## What you need to do
Exclude the pictures, and otherwise reproduce the data in full.

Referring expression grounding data

== Segment start ==

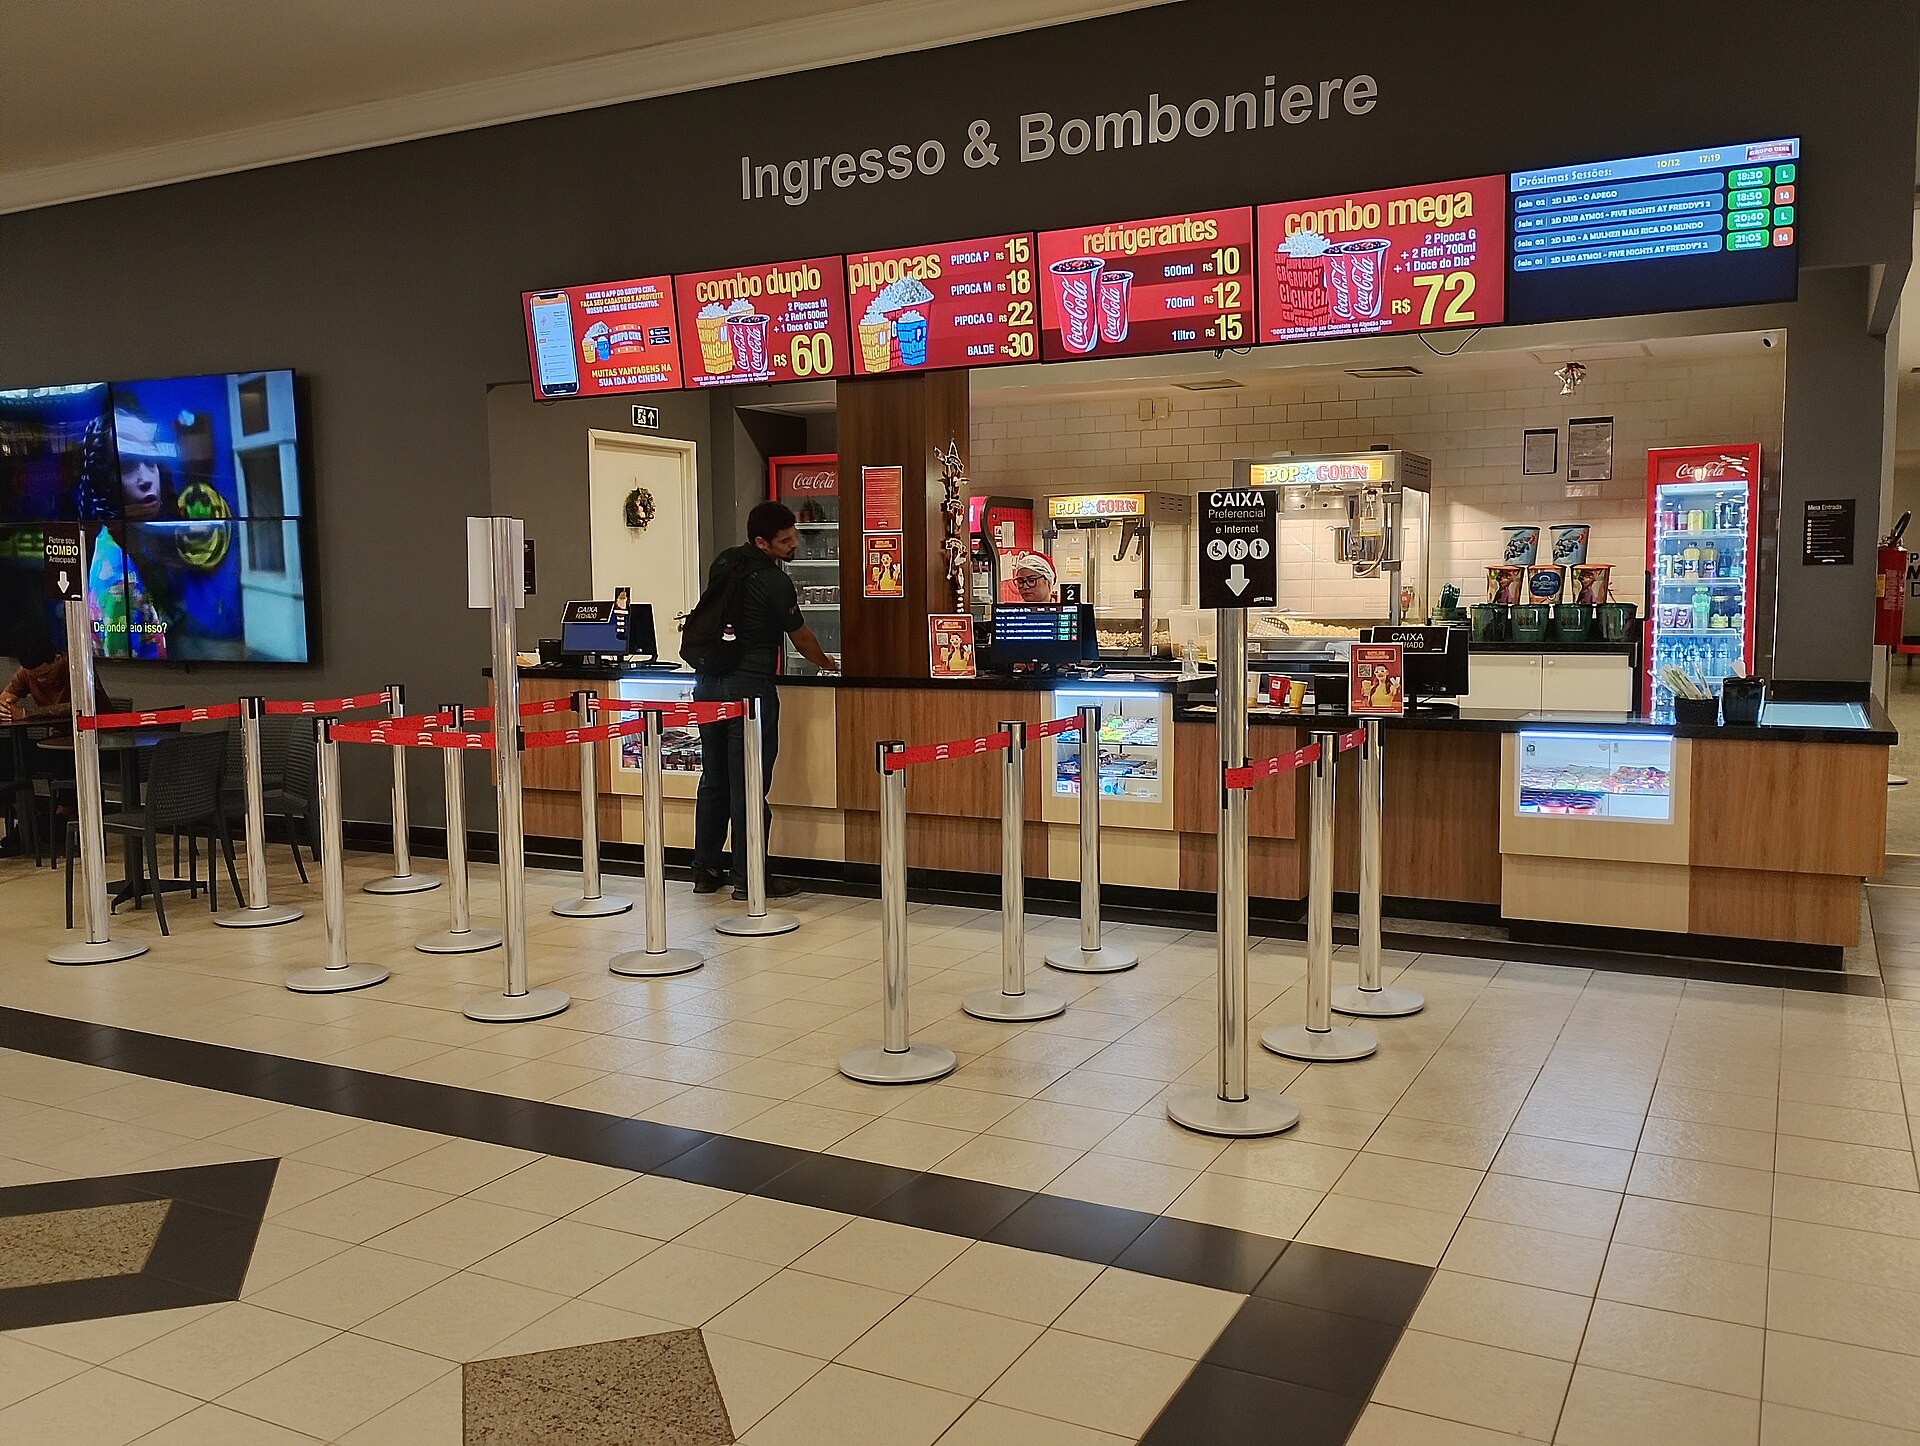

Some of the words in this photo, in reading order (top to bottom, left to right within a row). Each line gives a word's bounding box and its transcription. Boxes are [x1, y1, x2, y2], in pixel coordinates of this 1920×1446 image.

[741, 140, 945, 205] Ingresso
[963, 120, 999, 168] &
[1019, 74, 1379, 162] Bomboniere
[1657, 159, 1680, 167] 10/12
[1699, 154, 1720, 163] 17:19
[1519, 173, 1568, 186] Próximas
[1572, 169, 1612, 180] Sessões:
[1737, 171, 1763, 180] 18:30
[1591, 191, 1617, 200] APEGO
[1737, 192, 1762, 201] 18:50
[1285, 200, 1380, 238] combo
[1388, 192, 1472, 227] mega
[1734, 212, 1764, 222] 20:40
[1083, 218, 1217, 254] refrigerantes
[1425, 235, 1431, 244] 2
[1434, 231, 1467, 245] Pipoca
[1469, 229, 1476, 239] G
[1735, 233, 1761, 243] 21:05
[951, 253, 981, 265] PIPOCA
[983, 252, 989, 262] P
[996, 252, 1004, 260] R$
[1005, 238, 1029, 264] 15
[1412, 249, 1418, 258] 2
[1421, 246, 1444, 258] Refri
[1447, 242, 1475, 256] 700ml
[1164, 264, 1193, 277] 500ml
[1203, 263, 1213, 272] R$
[1211, 247, 1240, 275] 10
[1406, 262, 1410, 272] 1
[1414, 260, 1437, 271] Doce
[1439, 258, 1451, 269] do
[849, 254, 941, 294] pipocas
[696, 272, 762, 302] combo
[766, 264, 820, 298] duplo
[951, 284, 981, 296] PIPOCA
[983, 282, 992, 292] M
[997, 283, 1006, 291] R$
[1006, 269, 1030, 295] 18
[1166, 296, 1194, 309] 700ml
[1204, 295, 1213, 304] R$
[1212, 281, 1241, 309] 12
[1392, 299, 1411, 315] R$
[1413, 271, 1475, 326] 72
[788, 303, 792, 311] 2
[794, 301, 819, 312] Pipocas
[954, 315, 984, 326] PIPOCA
[987, 313, 992, 323] G
[999, 315, 1007, 323] R$
[1008, 301, 1033, 327] 22
[1205, 329, 1215, 338] R$
[1214, 314, 1242, 341] 15
[967, 344, 994, 356] BALDE
[1001, 346, 1009, 354] R$
[1008, 332, 1033, 358] 30
[774, 355, 786, 366] R$
[791, 333, 833, 376] 60
[592, 369, 617, 378] MUITAS
[619, 364, 660, 375] VANTAGENS
[661, 364, 671, 372] NA
[599, 377, 613, 386] SUA
[615, 377, 626, 385] IDA
[627, 375, 637, 384] AO
[638, 373, 668, 383] CINEMA.
[1265, 466, 1299, 483] POP
[1318, 464, 1369, 480] CORN
[1055, 501, 1083, 515] POP
[1096, 499, 1138, 513] CORN
[1210, 492, 1264, 507] CAIXA
[1208, 508, 1266, 519] Preferencial
[1224, 524, 1259, 534] Internet
[46, 545, 78, 555] COMBO
[1067, 590, 1074, 600] 2
[94, 622, 104, 632] De
[107, 622, 125, 633] onde
[145, 622, 167, 634] isso?
[1392, 633, 1424, 641] CAIXA
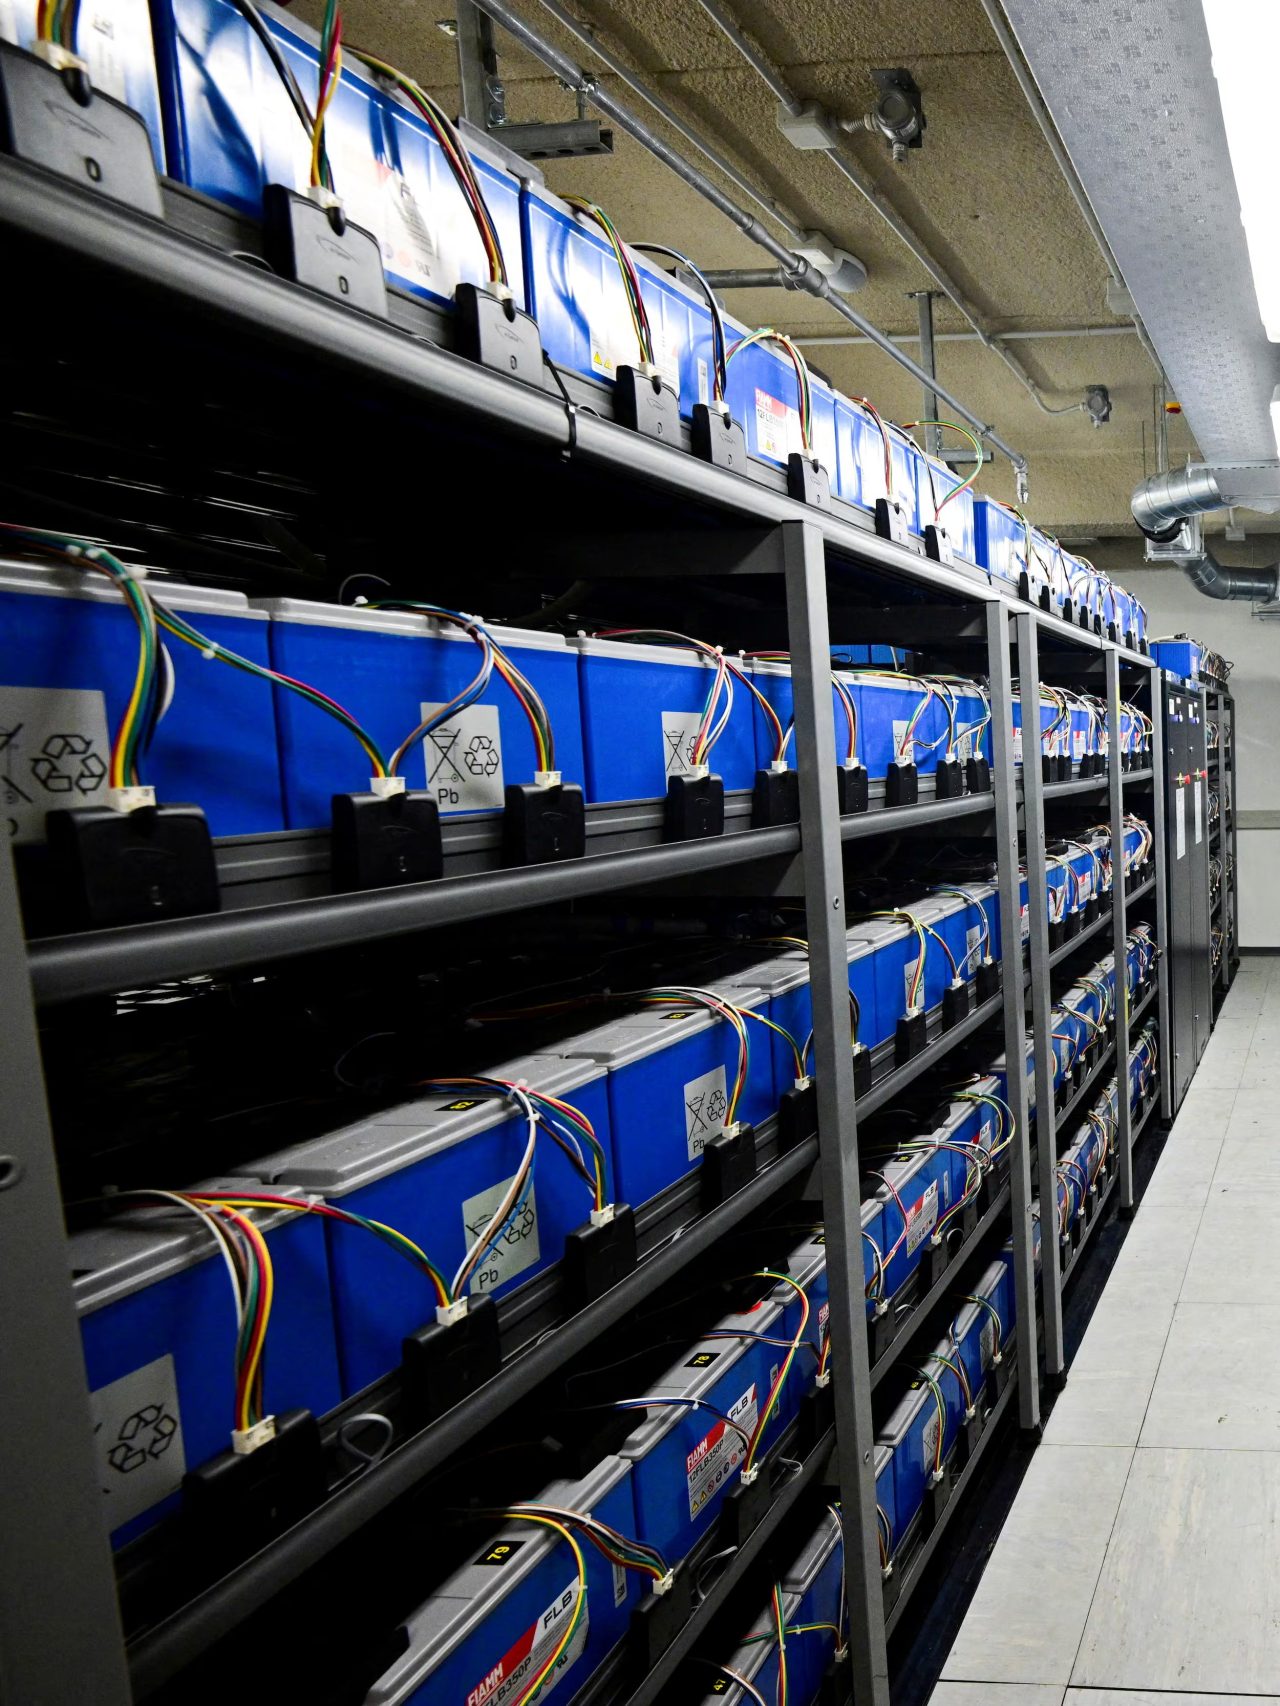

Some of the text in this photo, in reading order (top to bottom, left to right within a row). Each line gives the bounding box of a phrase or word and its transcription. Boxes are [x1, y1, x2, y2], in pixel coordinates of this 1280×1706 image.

== Segment end ==

## Exercise solution
Some of the words in this photo, in reading order (top to bottom, left to right within a row). Each line gives a word's bounding box and its transcription. Boxes are [x1, y1, x2, y2], in pixel coordinates of this 1920×1446 image.

[741, 140, 945, 205] Ingresso
[963, 120, 999, 168] &
[1019, 74, 1379, 162] Bomboniere
[1657, 159, 1680, 167] 10/12
[1699, 154, 1720, 163] 17:19
[1519, 173, 1568, 186] Próximas
[1572, 169, 1612, 180] Sessões:
[1737, 171, 1763, 180] 18:30
[1591, 191, 1617, 200] APEGO
[1737, 192, 1762, 201] 18:50
[1285, 200, 1380, 238] combo
[1388, 192, 1472, 227] mega
[1734, 212, 1764, 222] 20:40
[1083, 218, 1217, 254] refrigerantes
[1425, 235, 1431, 244] 2
[1434, 231, 1467, 245] Pipoca
[1469, 229, 1476, 239] G
[1735, 233, 1761, 243] 21:05
[951, 253, 981, 265] PIPOCA
[983, 252, 989, 262] P
[996, 252, 1004, 260] R$
[1005, 238, 1029, 264] 15
[1412, 249, 1418, 258] 2
[1421, 246, 1444, 258] Refri
[1447, 242, 1475, 256] 700ml
[1164, 264, 1193, 277] 500ml
[1203, 263, 1213, 272] R$
[1211, 247, 1240, 275] 10
[1406, 262, 1410, 272] 1
[1414, 260, 1437, 271] Doce
[1439, 258, 1451, 269] do
[849, 254, 941, 294] pipocas
[696, 272, 762, 302] combo
[766, 264, 820, 298] duplo
[951, 284, 981, 296] PIPOCA
[983, 282, 992, 292] M
[997, 283, 1006, 291] R$
[1006, 269, 1030, 295] 18
[1166, 296, 1194, 309] 700ml
[1204, 295, 1213, 304] R$
[1212, 281, 1241, 309] 12
[1392, 299, 1411, 315] R$
[1413, 271, 1475, 326] 72
[788, 303, 792, 311] 2
[794, 301, 819, 312] Pipocas
[954, 315, 984, 326] PIPOCA
[987, 313, 992, 323] G
[999, 315, 1007, 323] R$
[1008, 301, 1033, 327] 22
[1205, 329, 1215, 338] R$
[1214, 314, 1242, 341] 15
[967, 344, 994, 356] BALDE
[1001, 346, 1009, 354] R$
[1008, 332, 1033, 358] 30
[774, 355, 786, 366] R$
[791, 333, 833, 376] 60
[592, 369, 617, 378] MUITAS
[619, 364, 660, 375] VANTAGENS
[661, 364, 671, 372] NA
[599, 377, 613, 386] SUA
[615, 377, 626, 385] IDA
[627, 375, 637, 384] AO
[638, 373, 668, 383] CINEMA.
[1265, 466, 1299, 483] POP
[1318, 464, 1369, 480] CORN
[1055, 501, 1083, 515] POP
[1096, 499, 1138, 513] CORN
[1210, 492, 1264, 507] CAIXA
[1208, 508, 1266, 519] Preferencial
[1224, 524, 1259, 534] Internet
[46, 545, 78, 555] COMBO
[1067, 590, 1074, 600] 2
[94, 622, 104, 632] De
[107, 622, 125, 633] onde
[145, 622, 167, 634] isso?
[1392, 633, 1424, 641] CAIXA

Some of the text in this photo, in reading order (top to bottom, left to right within a row). Each line gives the bounding box of a phrase or word and its transcription. Boxes are [x1, y1, x2, y2], in pixel coordinates of this 1280×1706 image.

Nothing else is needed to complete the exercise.